Birthday Presents!

siravarice

New member
So it's my 21st soon and I'm pondering on what to get. Do I stay with my favoured M-ATX form and get a Rampage 3 Gene, i7 930 or go with the new MSi P55a Fuzion?

I already have an i5 750 so going with the Fuzion would open up the opportunity for another graphics card, and if I do go with the Fuzion, would it be better to get a GTX 480 to go with my 5870? Or another 5870? Or maybe a 470 or 460 or something? Generally I want it quiet so a 480 is probably out of the question, I'm just thinking about the Green Team's better performance with using DX11.

Any suggestions?
 
Don't fancy an AMD Hex?

I don't see a huge point in going 930 if you already have a 750 tbh. I mean sure they're faster, but not something you could ever notice unless you put it to paper (benchmarks). But the over all feel won't be much different. Saying that though it wouldn't be dramatically different with a hex core either, but at least you have the 6 cores that will carry you farther into the future.

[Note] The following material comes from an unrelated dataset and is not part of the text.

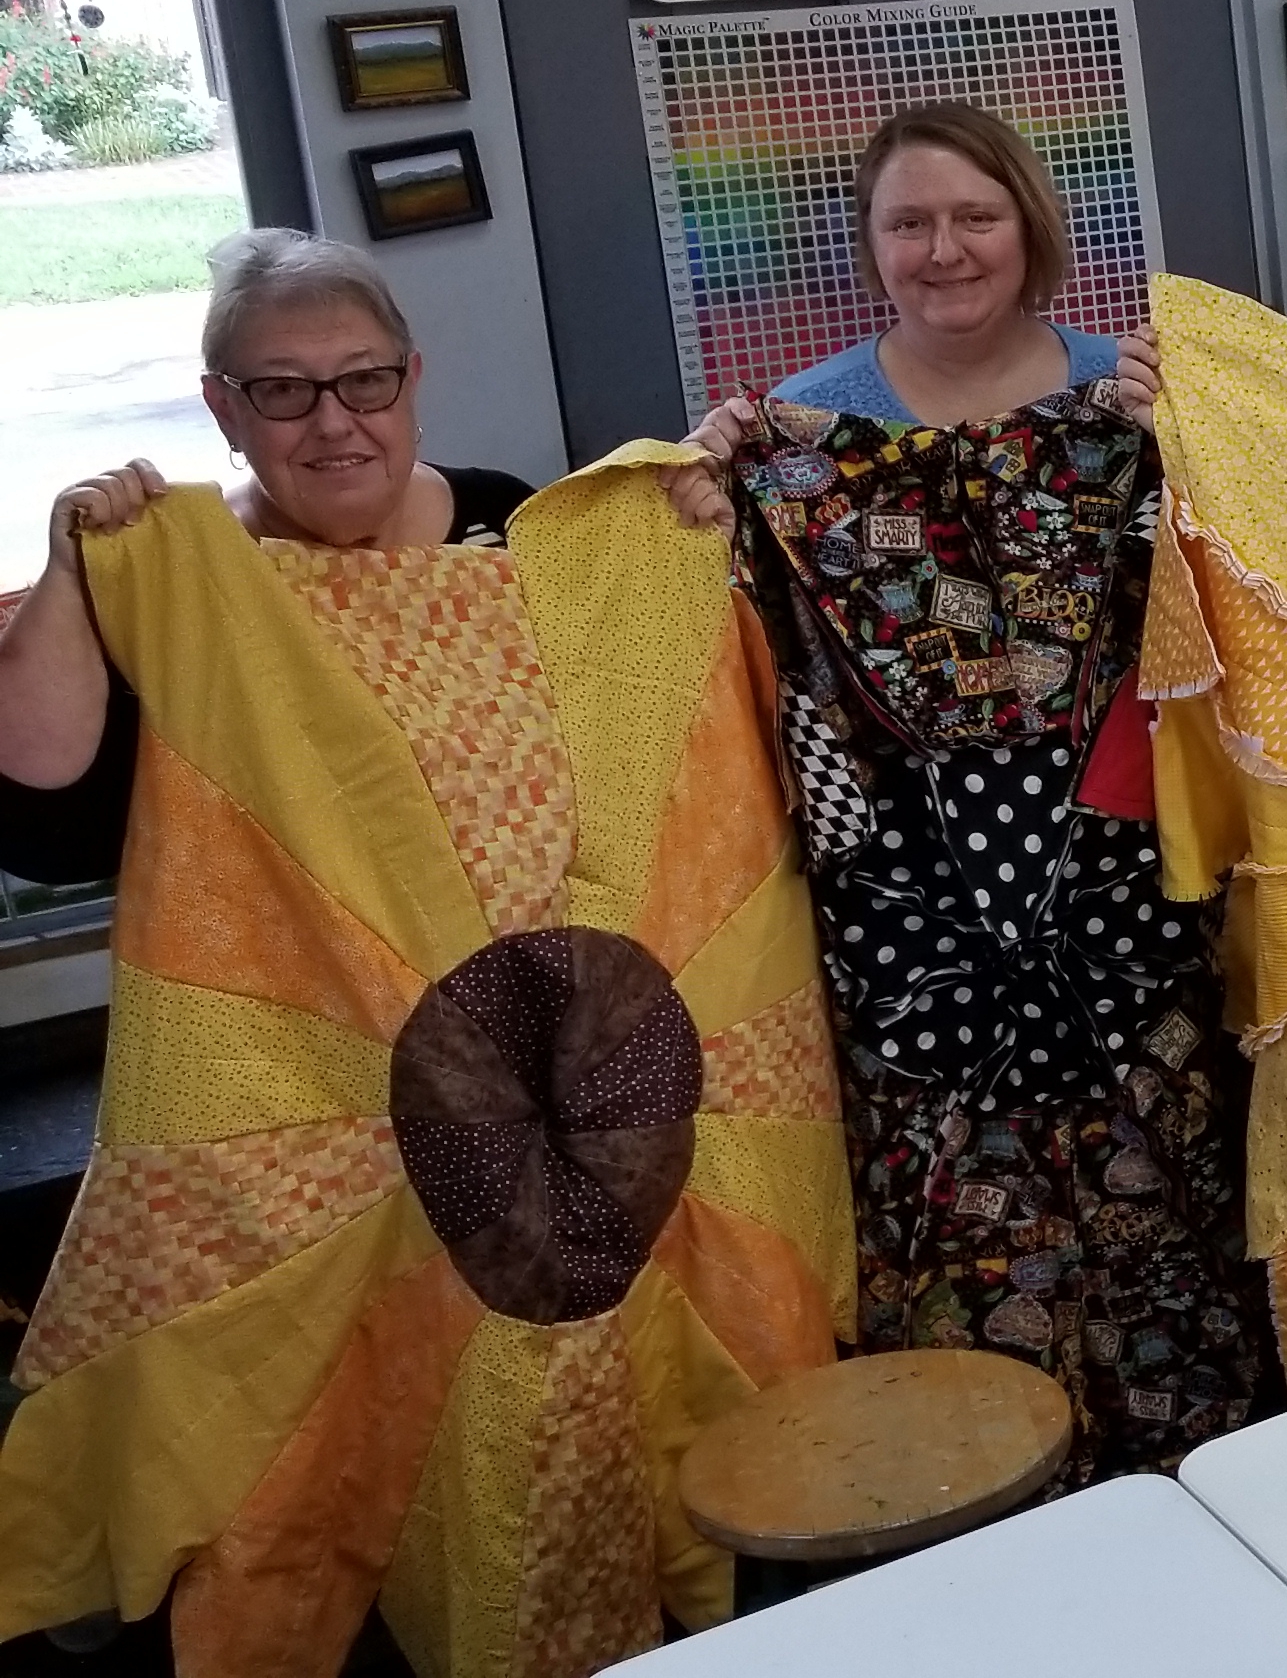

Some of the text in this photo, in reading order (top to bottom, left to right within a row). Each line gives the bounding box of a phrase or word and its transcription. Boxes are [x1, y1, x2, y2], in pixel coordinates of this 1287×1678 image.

If you already have a 5870 I would deffo keep the I5 and go Crossfire FTW.
 
So crossfire beats the hydra+lucid with an nvidia card?

Its a tough one dude, really depends on the CPU you want tbh. To match an AMD hex youll need a 930 or an 1156 870.

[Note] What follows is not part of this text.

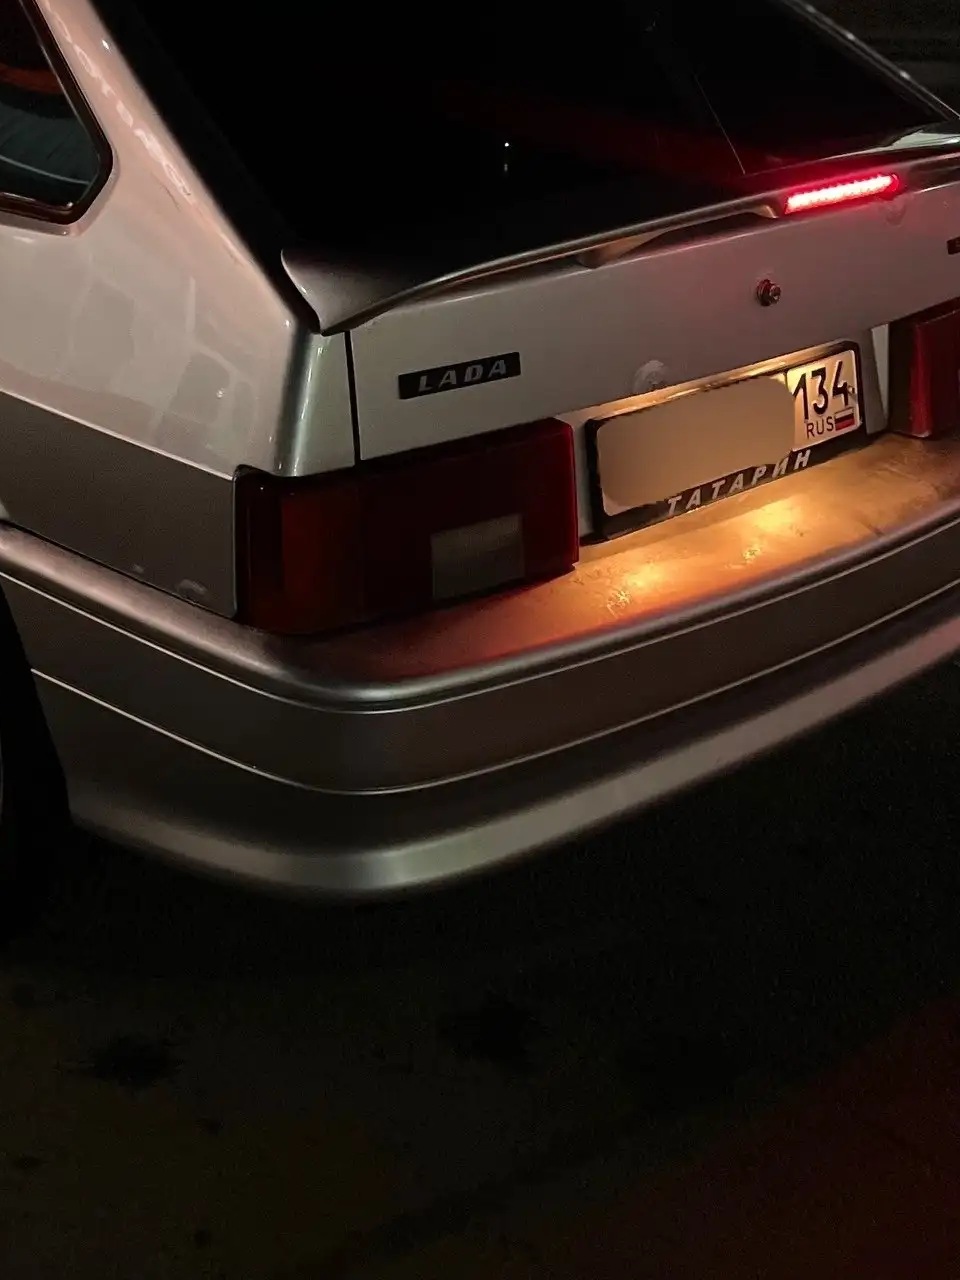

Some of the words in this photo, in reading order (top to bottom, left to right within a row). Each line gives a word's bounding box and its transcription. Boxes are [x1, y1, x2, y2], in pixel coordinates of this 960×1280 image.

[418, 359, 507, 392] LADA
[792, 360, 849, 420] 134
[806, 416, 835, 440] RUS
[667, 449, 811, 516] ТАТАРИН

I think Id go with the Gene as it could be more for less in the long run.
 
Well the problem with this Lucid thing is that it's pretty new. I don't have million of specific details on it.. Is it driver based as well as the chip?

Infact it took me about ten seconds to find this -

SweClockers.com, when testing the MSI Big Bang Fusion which features Hydra 200, gave it very poor ratings citing the following: Poor drivers, poor game support, small if any performance gain over a single video card, graphical artifacts, unstable gameplay and a high price tag.

Which all points to it being driver based, which means you could well have serious problems that you need to rely on MSI for. If MSI were only making Lucid and putting all their money and effort into it? fine, but you literally need to wait on them and Lucid should you have problems.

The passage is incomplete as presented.